Vorwärts immer – rückwärts nimmer, so schmettert einem Erich Honecker im Ostel entgegen.

Mensch – Maschine – Kommunikation

Die Roboter kommen! So lautet der Titel der neuesten Ausstellung im Museum für Kommunikation in Berlin. Die Ausstellung dokumentiert eindruckvoll, wie weit sich Roboter in den Lebens- und Berufsalltag der Menschen integriert haben. Über 130.000 Industrieroboter arbeiten in deutschen Betrieben oder helfen im Haushalt. Es schein, als ob der alte Traum vom anspruchslosen, allzeit willigen Helfer in Erfüllung gegangen ist. Roboter forden den Menschen aber auch in besonderer Form heraus, die eigenen Kommunikationsfähigkeit an ihm zu erproben. Das Gespräch mit dem Roboter bleibt jedoch nachwievor von den Bedingungen der Technik bestimmt und ist damit immer noch eine recht einseitige Kommunikation. Die Ausstellung präsentiert Roboter zwischen Kunst und Wissenschaft, Fiktion und Realität. Dem Besucher begegnen der Werberoboter Sabor von 1955, Schlupp vom grünen Stern (Augsburger Puppenkiste von 1986), Fußball- und Industrieroboter oder die geniale Roboterband Les Robots Music von Edouard R. Diomgar aus dem Jahre 1958.
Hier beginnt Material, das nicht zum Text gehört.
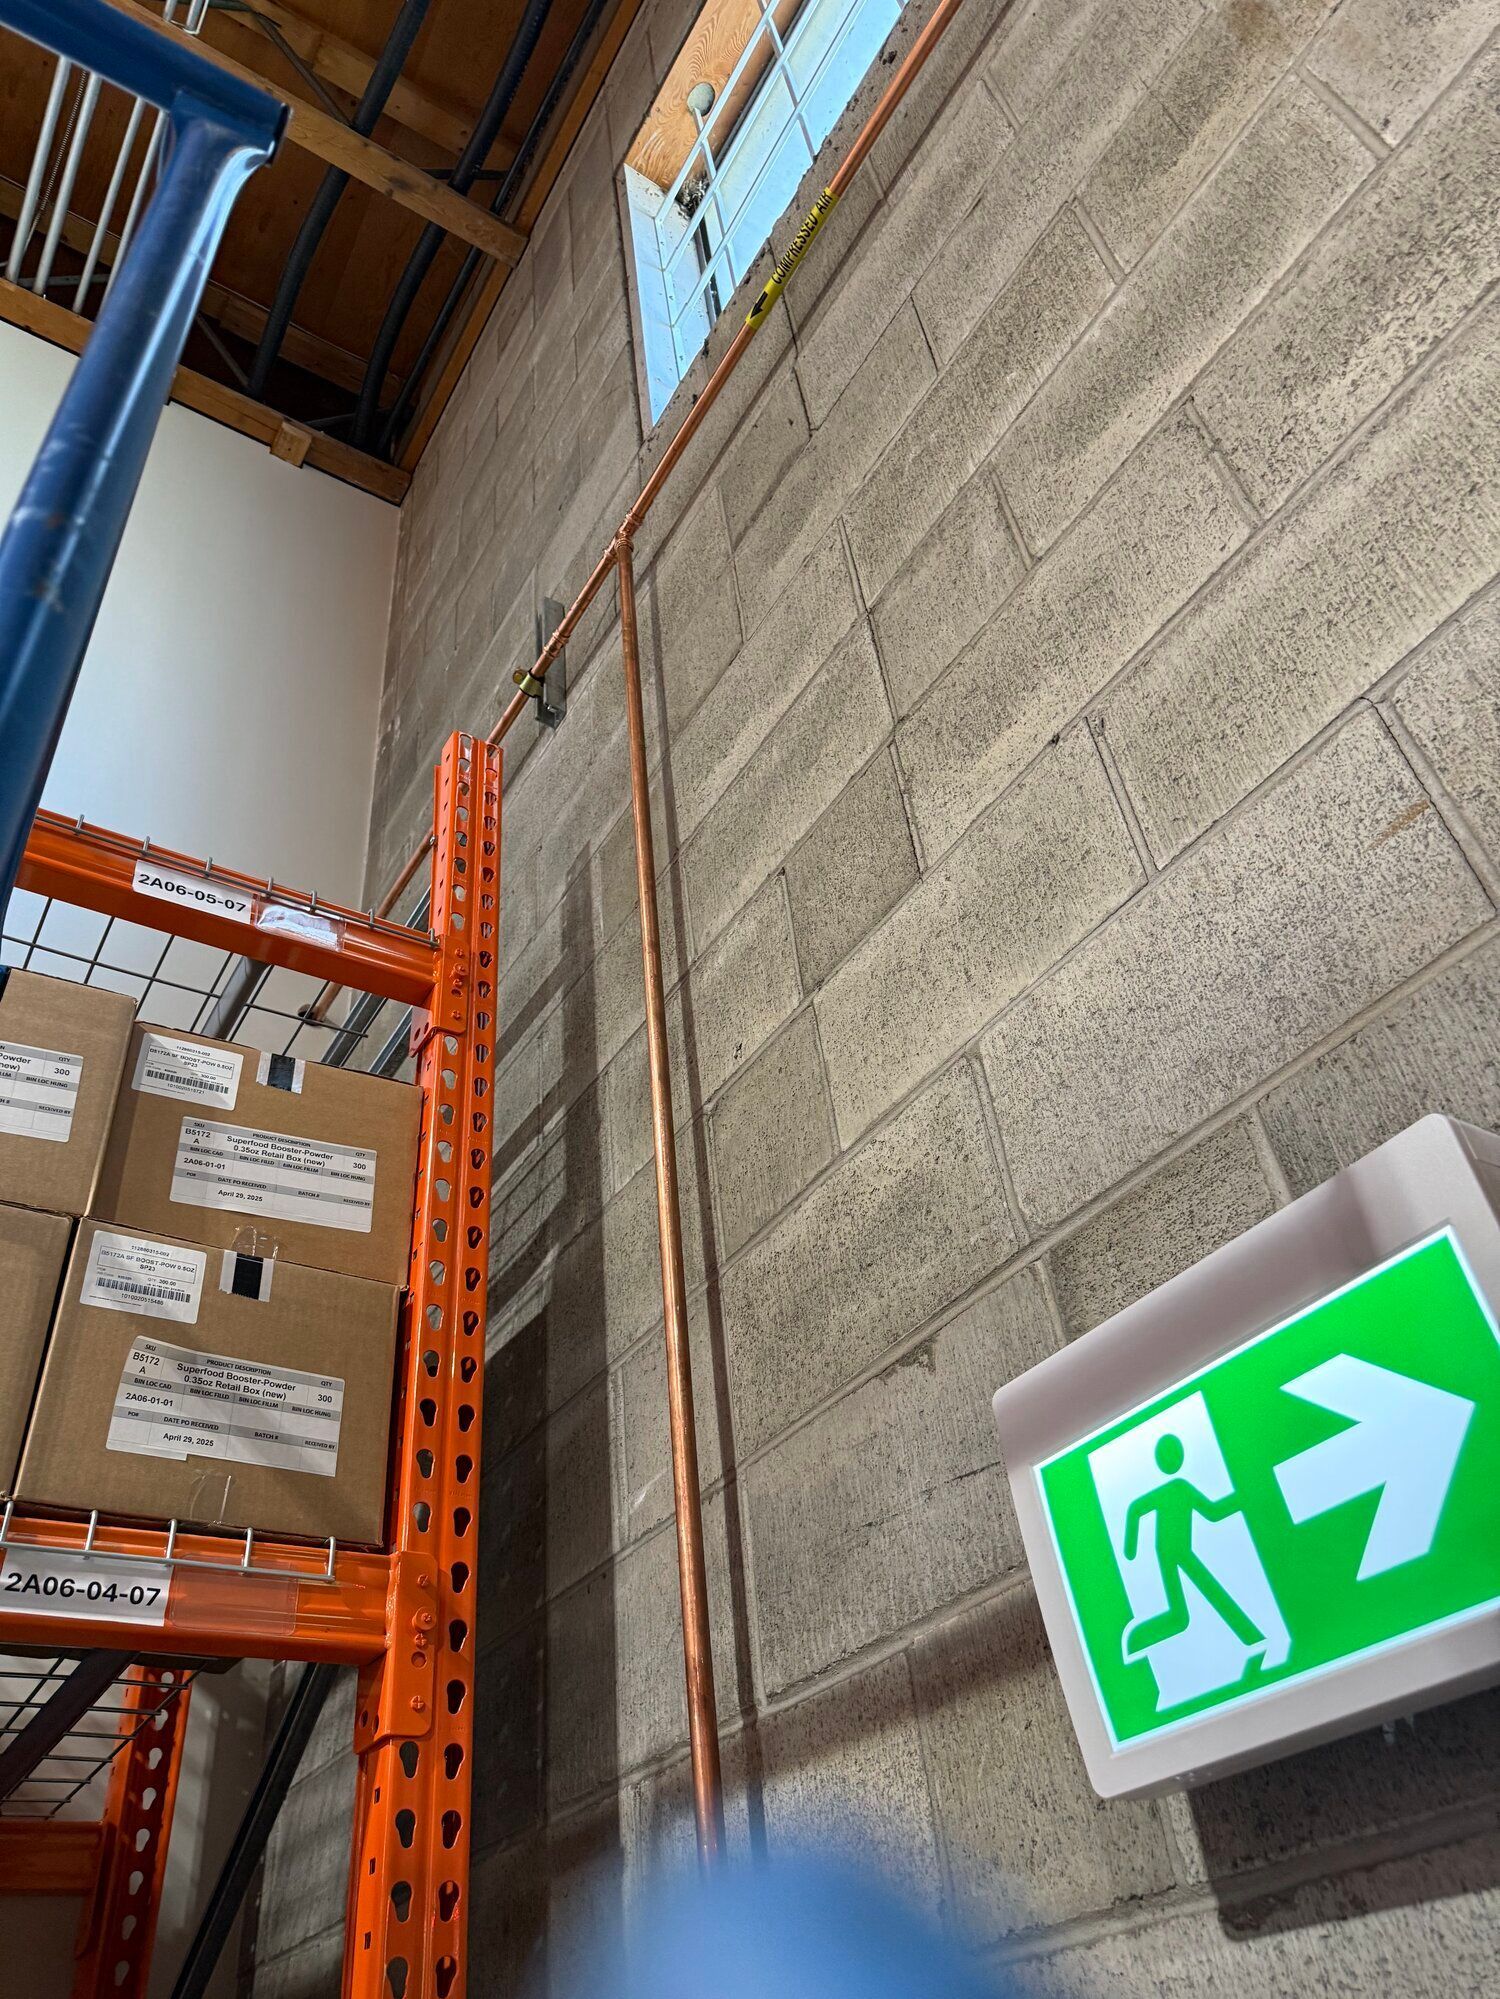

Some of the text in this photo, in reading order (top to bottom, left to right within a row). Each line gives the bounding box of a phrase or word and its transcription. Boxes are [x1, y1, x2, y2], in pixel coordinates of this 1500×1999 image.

Die Ausstellung läuft bis zum 2. September 2007. Mehr Informationen zu Die Roboter kommen!

Ein Hoch namens Maggi

Zum ersten Mal hat sich ein Unternehmen in Deutschland ein eigenes Hoch gekauft – der momentane Dauer-Sonnenschein mit Frühlingsgefühlen als Gratispröbchen, trägt den Namen Maggi. Hierzulande bekannt als Alleskönner-Würze aus Großmutters Zeiten. Wie soll man diesen Coup von Nestlé Deutschland nun werbefachlich benennen: vielleicht branded infotainment? Egal, ein schöner Marketing-Schachzug. Die Lebensmittelmarke beantragte beim Institut für Meterologie in Berlin Wetterpatenschaft für schnäppchenverdächtige 300 Euro. Einzige Vorraussetzung, Maggi muss ein weiblicher Vorname sein. Das ist er in England – yes, indead. Wer erinnert sich nicht an handbaging former Prime Minister Maggi Thatcher! Die nachrichtenhungrigen Bundesbürger dürfen sich jetzt wohl auf ein Jahr der Marken-Hochs einstellen: Wie würe es mit Mercedes, Melitta, Concordia, Helvetia oder Edeka?